Google Cloud Bigtable is a petabyte-scale, fully managed NoSQL database service for large analytical and operational workloads.
Both Google Cloud Bigtable and DynamoDB are NoSQL, or non-relational, databases. This concept means their data is stored in some format other than 2D tables. Some commonly-used formats for NoSQL databases in general are documents, key-value pairs, graphs, and columns, and with different strengths and tradeoffs.
Google Cloud Bigtable and AWS DynamoDB are both highly-available, scalable, globally distributed and fully-managed serverless NoSQL databases. Both can function as a key-value store, however, DynamoDB additionally supports a document model and Bigtable additionally supports a wide-column a wide-column store. Both offer two consistency levels: eventual consistency, and immediate consistency.
Benefits
1. Fast and performant: use Cloud Bigtable as the storage engine that grows with you from your first gigabyte to petabyte-scale for low-latency applications as well as high throughput data processing and analytics.
2. Seamless scaling and replication: start with a single node per cluster, and scale to hundreds of nodes dynamically supporting peak demand at low latency. Replication also adds high availability and workload isolation for live serving apps.
3. Open and integrated: easily connect to the open source ecosystem with the Apache HBase API. Build data-driven applications faster with seamless integrations with Hadoop, Dataflow, Dataproc, and BigQuery.

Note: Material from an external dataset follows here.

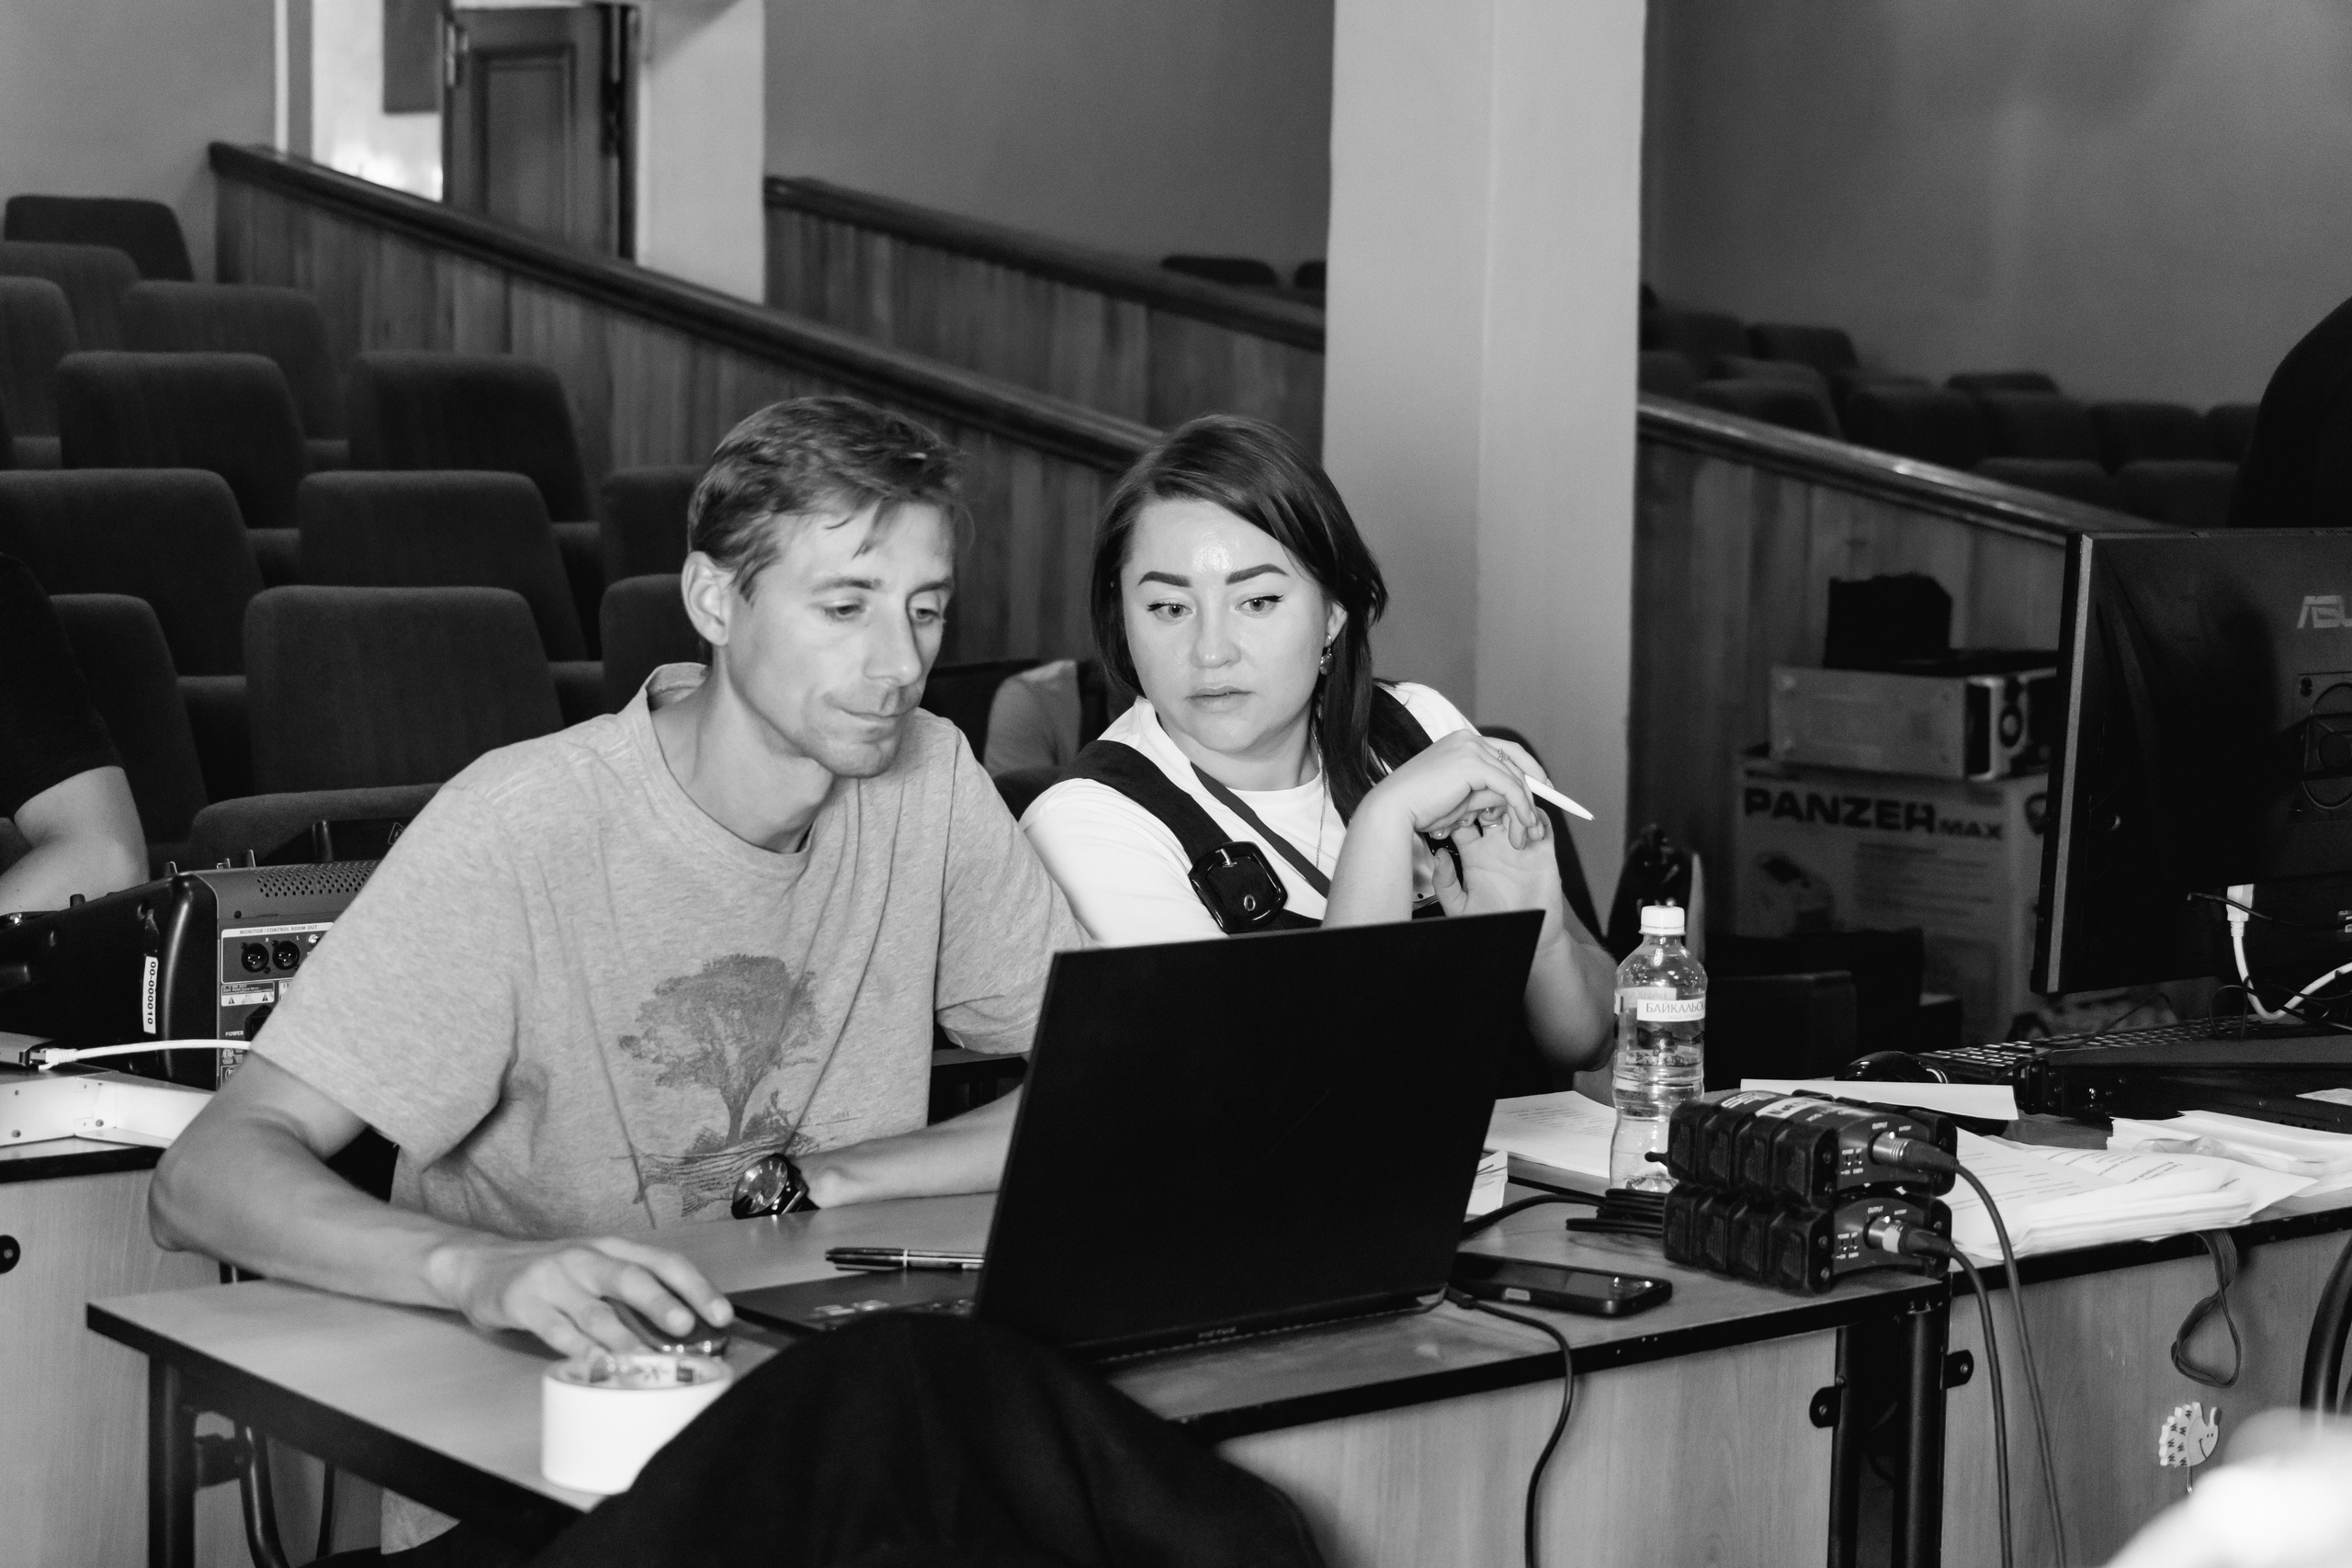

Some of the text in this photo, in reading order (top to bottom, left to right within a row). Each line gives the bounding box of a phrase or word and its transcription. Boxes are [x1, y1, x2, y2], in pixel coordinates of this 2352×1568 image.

[1744, 787, 1936, 833] PANZER
[1939, 818, 2003, 840] MAX
[147, 961, 156, 1024] 00-000010

Features of Google Cloud Bigtable
1. High throughput at low latency: Bigtable is best for storing extremely large volumes of data in a key-value store and provides high read and write throughput with minimal latency, allowing for quick access to massive amounts of data. Throughput increases linearly, therefore adding more Bigtable nodes will increase QPS (queries per second). However, this is based on the same infrastructure that runs Google's billion-user products like Search and Maps.
2. Cluster resizing without downtime: Bigtable throughput can dynamically modify by adding or deleting cluster nodes without restarting, which means you can scale up a Bigtable cluster for a few hours to manage a huge load, then scale back down without any downtime.
3. Automated replication for optimizing any workload: write data once and it automatically replicates where it is necessary, ensuring high availability and separation of read and write workloads. And for assuring consistency, correct data, and synchronizing writes and deletes, no human procedures are necessary. For instances with multicluster routing over three or more regions, a high availability SLA of 99.999% is available (99.9% for single cluster instances).
4. Simple administration: Bigtable performs updates and restarts invisibly, and it maintains excellent data durability automatically. Simply add a second cluster to your instance to duplicate your data, and replication will begin immediately. Moreover, there is no need to worry about replication or regions, simply design your table schemas and Bigtable will take care of the rest.
5. Cluster resizing without downtime: to accommodate a heavy demand, you may raise the size of a Bigtable cluster for a few hours, then lower it again - all without any downtime. Bigtable balances performance across all nodes in your cluster in only a few minutes under load when you modify the size of your cluster.
6. Security: Your Google Cloud project and the Identity and Access Management (IAM) roles that you provide to users manage access to your Bigtable tables. You may use IAM roles to block users from reading from tables, writing to tables, or creating new instances, for example, However, anyone who doesn't have access to your project or an IAM role with valid Bigtable permissions cannot access the tables.
7 Data durability: when you use Bigtable, your data get store on Colossus. This is Google's own extremely durable file system, on storage devices in Google's data centers. However, for using Bigtable, you don't require an HDFS cluster or any other file system. Bigtable keep one copy of your data in Colossus for each cluster in your instance if your instance utilizes replication. Each duplicate is in a distinct zone or area, which improves durability even further.